I briefly mentioned that I have Crohn’s Disease in my personal statement. There have been many obstacles that I have had to face in learning how to deal with Crohn’s. When I was first diagnosed, I was completely debilitated. I could barely move because of how much pain I was in. Every morning was a struggle to get up, but I would somehow find the will to get up and go to school and work. I was not willing to give up on life because I was sick; I still wanted to live life to the fullest. The only way that I did not make it to school and work was when the doctor hospitalized me or ordered me to stay home. The semester when I was diagnosed was one of my hardest semesters in my college career because I had a hard time concentrating due to the pain that I was in. I also could have given up on my classes because I missed about a third of the lectures. Despite the challenges of not being able to concentrate and missing a lot of lectures, that semester was actually one of my best and I made the Dean’s List. After a year of my diagnosis, I started to become healthier and my Crohn’s was no longer active. This is because I learned how to deal with my disease. I had to learn to watch what I eat, be careful not to have high stress levels, not exercise with too high of an intensity, and pay more attention to my body. Even though my Crohn’s is currently in remission, I still have to watch what I eat and do. I have had to change my life according to my disease. It is a constant struggle, but I have dealt with it and will continue to deal with it. I will not give up on my life and goals because I have Crohn’s disease.

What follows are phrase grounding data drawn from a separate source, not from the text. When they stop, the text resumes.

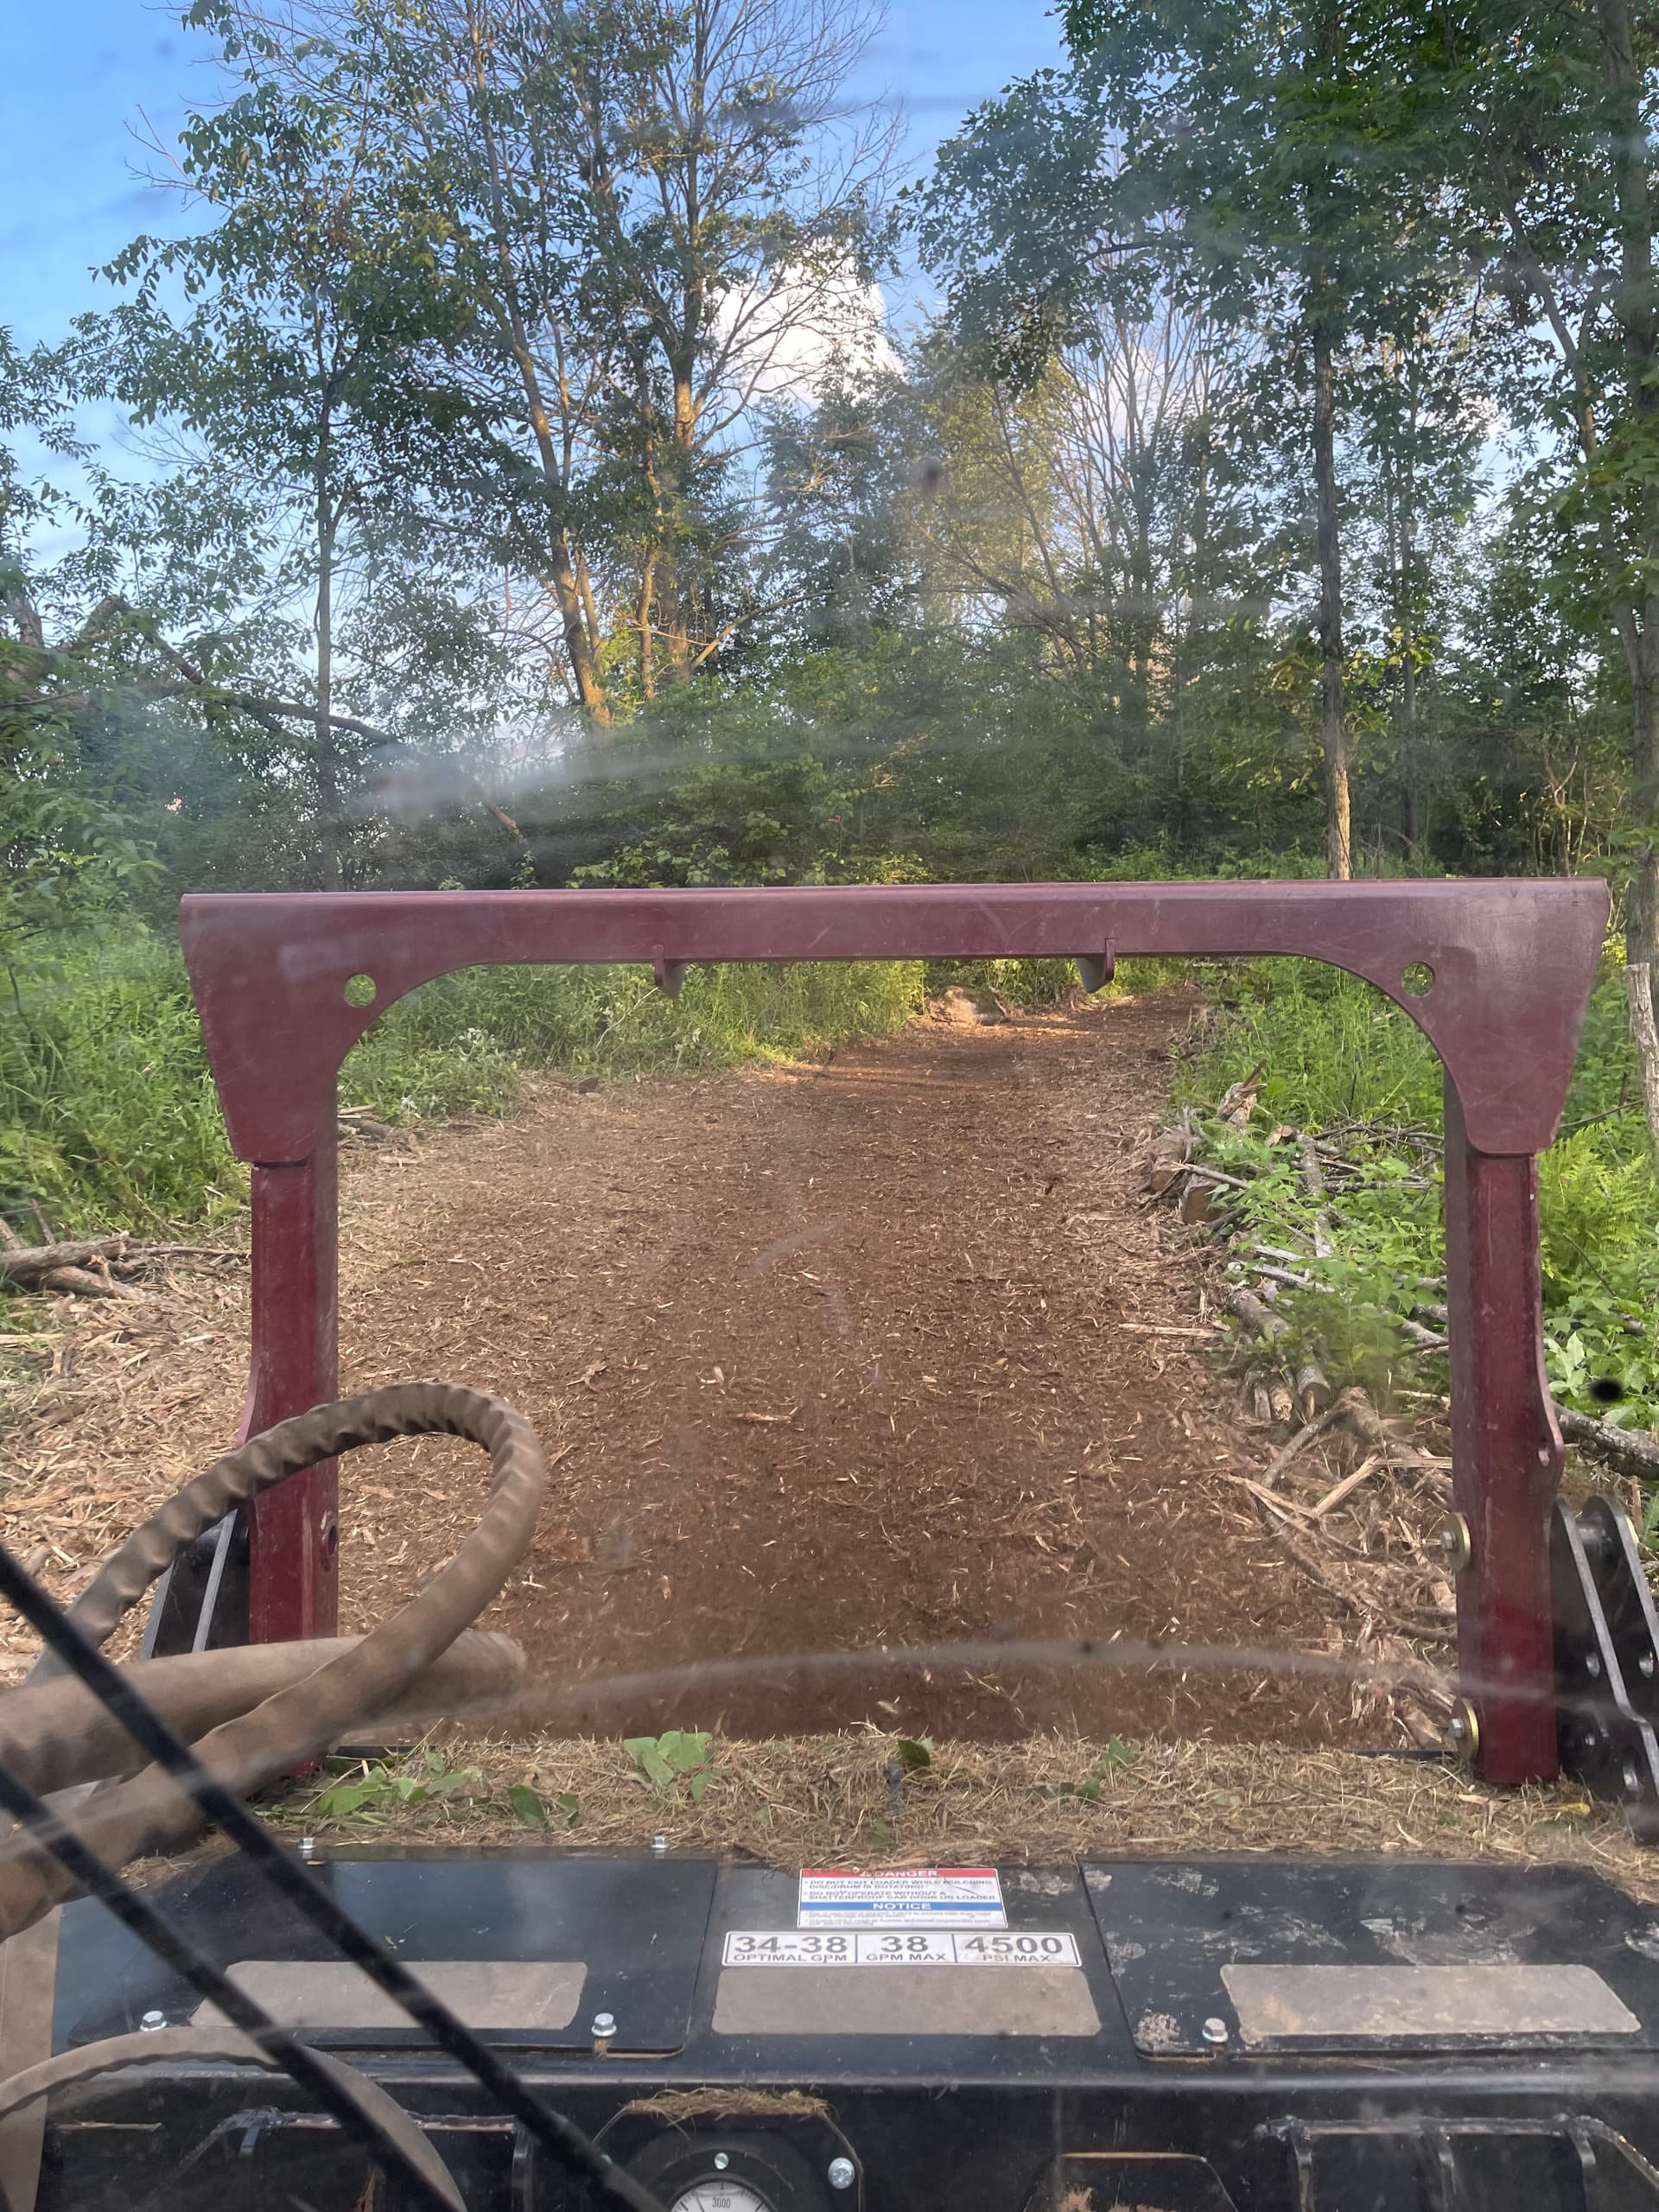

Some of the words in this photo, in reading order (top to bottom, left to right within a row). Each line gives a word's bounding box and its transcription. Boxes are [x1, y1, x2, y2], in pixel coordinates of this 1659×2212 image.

[734, 1936, 848, 1954] 34-38
[880, 1936, 929, 1953] 38
[965, 1936, 1064, 1954] 4500
[734, 1954, 808, 1962] OPTIMAL
[810, 1954, 847, 1962] GPM
[712, 2197, 730, 2209] 3000

"Do you have unique experiences or obstacles that you have overcome that were not covered in your application about which you would like to inform our Admissions Committee?"


At a young age, I discovered that I was different from most boys. I did not fully understand why I was different, but I knew that I was different. At the age of twelve, I discovered why I was different; I discovered that I was attracted to men. This discovery was hard on me and I felt that I did not belong, especially because I am a member of the Church of Jesus Christ of Latter Day Saints (LDS). Growing up gay in the LDS Church was a difficult one. I never felt welcome and that God hated me. I could not tell anyone for fear of being ridiculed and kicked out of the Church. My high school years were full of pain and loneliness. I was not sure who I was and where I was going. I also had nobody to help me through this difficult time in my life. I did know that I wanted to be a doctor because the medical classes in my high school were one of my only sanctuaries. At this time, I could have easily given up on life and accepted a mediocre life. I, however, had other goals and dreams. I wanted to create the best life that I could have and help others have better lives. When I entered college, I learned to accept myself for who I am and my confidence grew when I made friends and succeeded in my classes. As my confidence grew, I learned that I had a power to help others in need, that I could excel in almost anything I tried, and that life was not meant to be full of pain. These lessons helped me become the person that I am today and has given me the desire to work to help others because I know what it feels like to be alone and like nobody cares about you.

3 comments:

Unknown said...

I think since this is for medical school, the medical essay would be the best fit!

camille said...

i like them both, but the crohn's one fits better under these circumstances, i think.

Hidden said...

You already know my vote. :)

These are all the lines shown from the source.